Forget The simpsons – Star Trek was right.
Researchers say the opposite artificial intelligence (AI) will one day team up and share information with each other, just like the Borg.
The Borg are cybernetic organisms from Star Trek, which operate through a linked hive mind known as “The Collective”.
But a new study from the universities of Loughborough, Yale and the Massachusetts Institute of Technology (MIT) indicates that we are about to see the emergence of “collective AI”.
This is where different units, each capable of learning and acquiring new skills, can form a network and share information via a common language.
However, they believe that this will not bring about the end of humanity, as is often the case in the collective minds of science fiction shows.
Researchers predict that collective AI will lead to many positive advances in different fields.
Dr Andrea Soltoggio from Loughborough University, who led the research, said: “Instant knowledge sharing within a collective network of AI units capable of continuously learning and adapting to New data will allow us to react quickly to new situations, challenges or threats.
“For example, in a cybersecurity context, if an AI unit identifies a threat, it can quickly share its knowledge and provoke a collective response, much like how the human immune system protects the body from outside invaders.”
“It could also lead to the development of disaster response robots that can quickly adapt to the conditions they are sent into, or personalized medical agents that improve health outcomes by merging medical knowledge from points with patient-specific information.”
“The potential applications are vast and exciting.”
However, the researchers note that collective AI could carry some risks, such as the rapid spread of potentially unethical or incorrect knowledge.
However, they claim that, according to their vision, AI units could remain safe by maintaining their own goals and independence from the collective.
Dr. Soltoggio describes this as “a democracy of AI agents, significantly reducing the risks of AI being dominated by a few large systems.”
Collective AI differs from current large AI models, such as ChatGPT, which have limited capabilities for lifelong learning and knowledge sharing, the researchers said.
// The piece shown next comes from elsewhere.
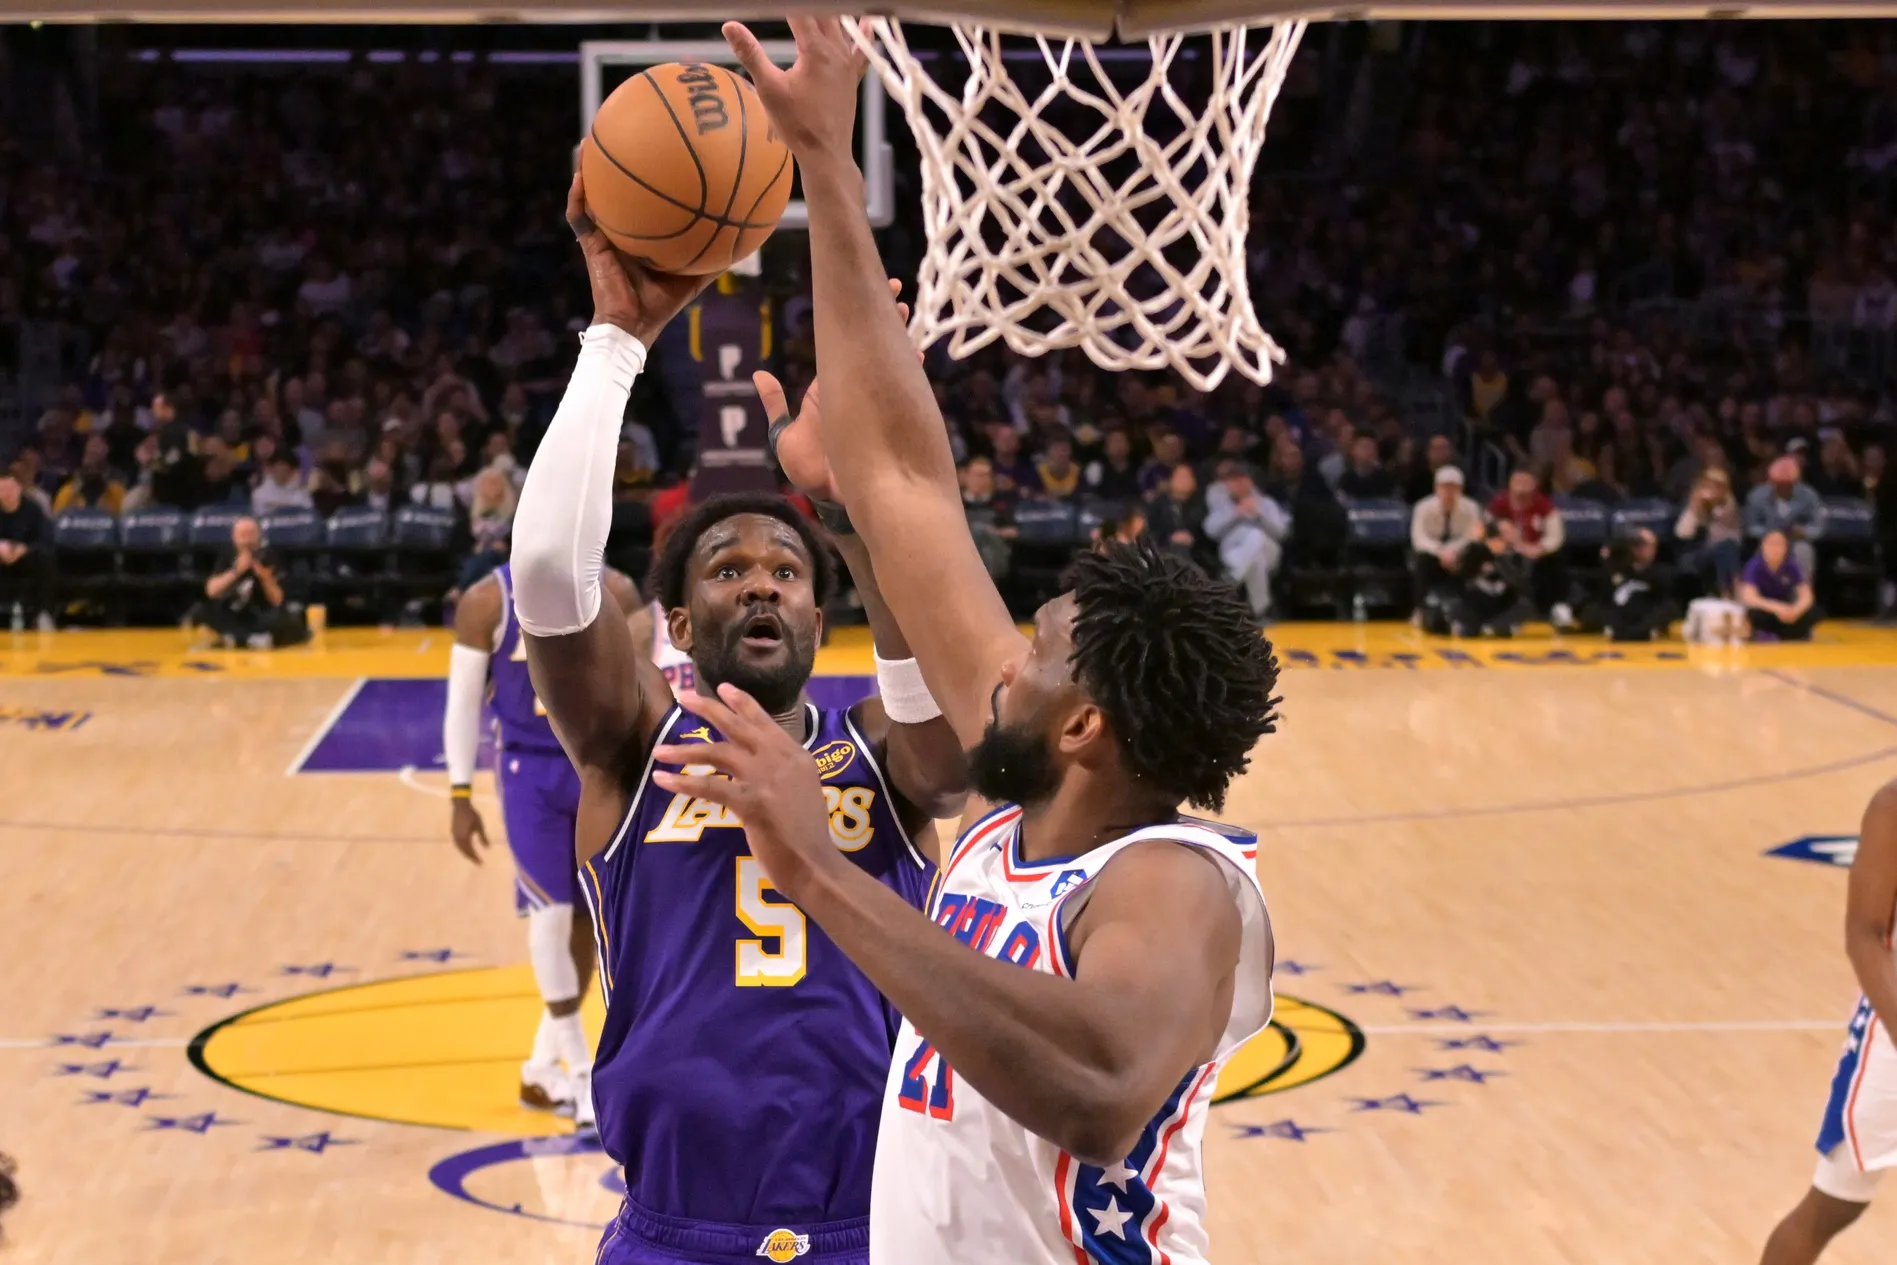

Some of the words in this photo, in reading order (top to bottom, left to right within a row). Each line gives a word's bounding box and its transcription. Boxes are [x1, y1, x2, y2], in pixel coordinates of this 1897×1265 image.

[815, 745, 851, 768] bigo
[736, 856, 807, 987] 5
[758, 1237, 809, 1255] LAKERS
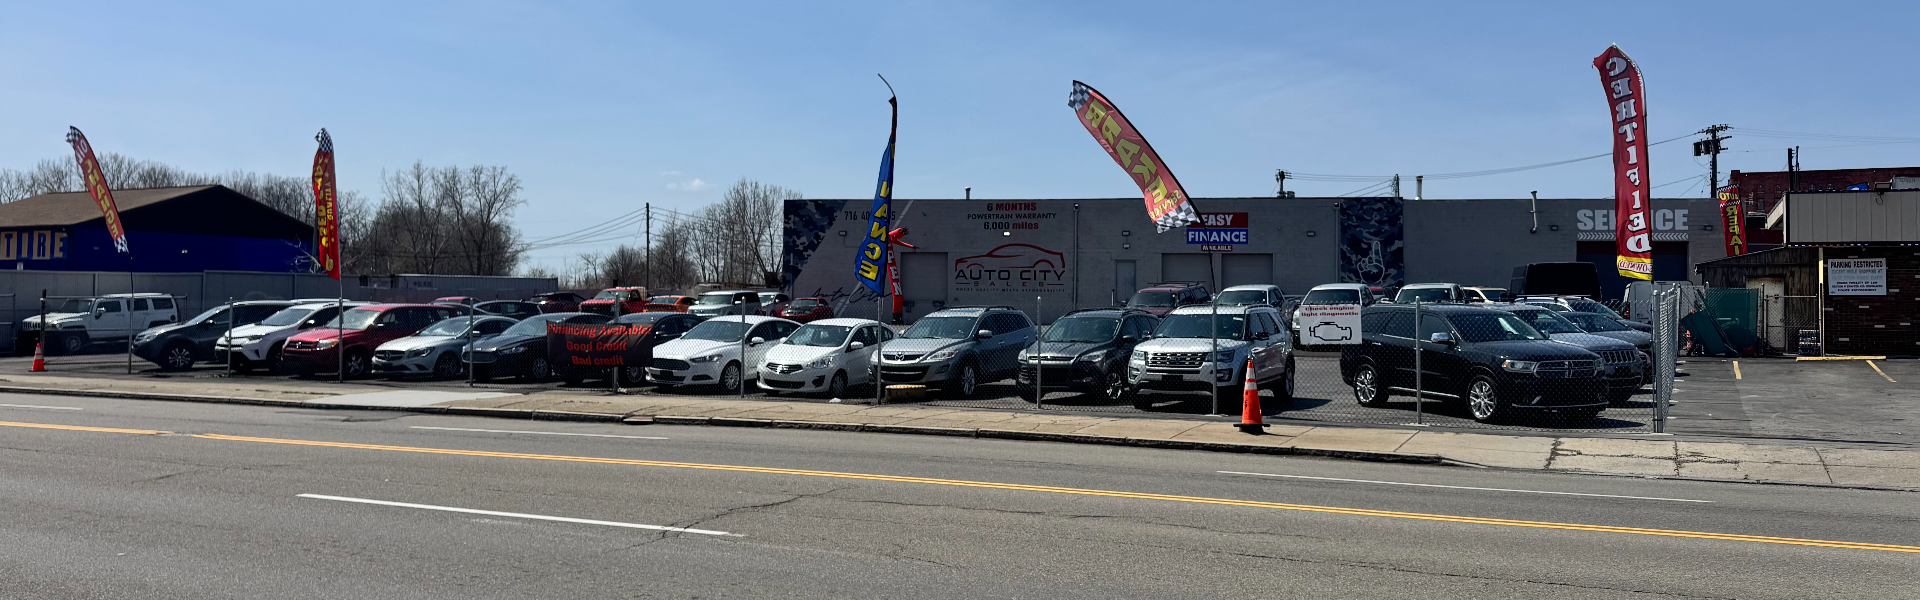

They explain that ChatGPT and similar models acquire most of their knowledge during energy-intensive training sessions and are unable to continue learning.
“We believe that dominant AI models, which are expensive, non-sharable, and non-permanent, will not survive in a future where sustainable, scalable, shared AI units are likely to emerge,” Dr. Soltoggio said.
“Human knowledge has developed gradually over millennia through communication and sharing.
“We believe similar dynamics are likely to occur in future AI unit societies that implement democratic and collaborative collectives.”
Their research was funded by the US Defense Advanced Research Project Agency (Darpa) and is published in the Nature Machine Intelligence review.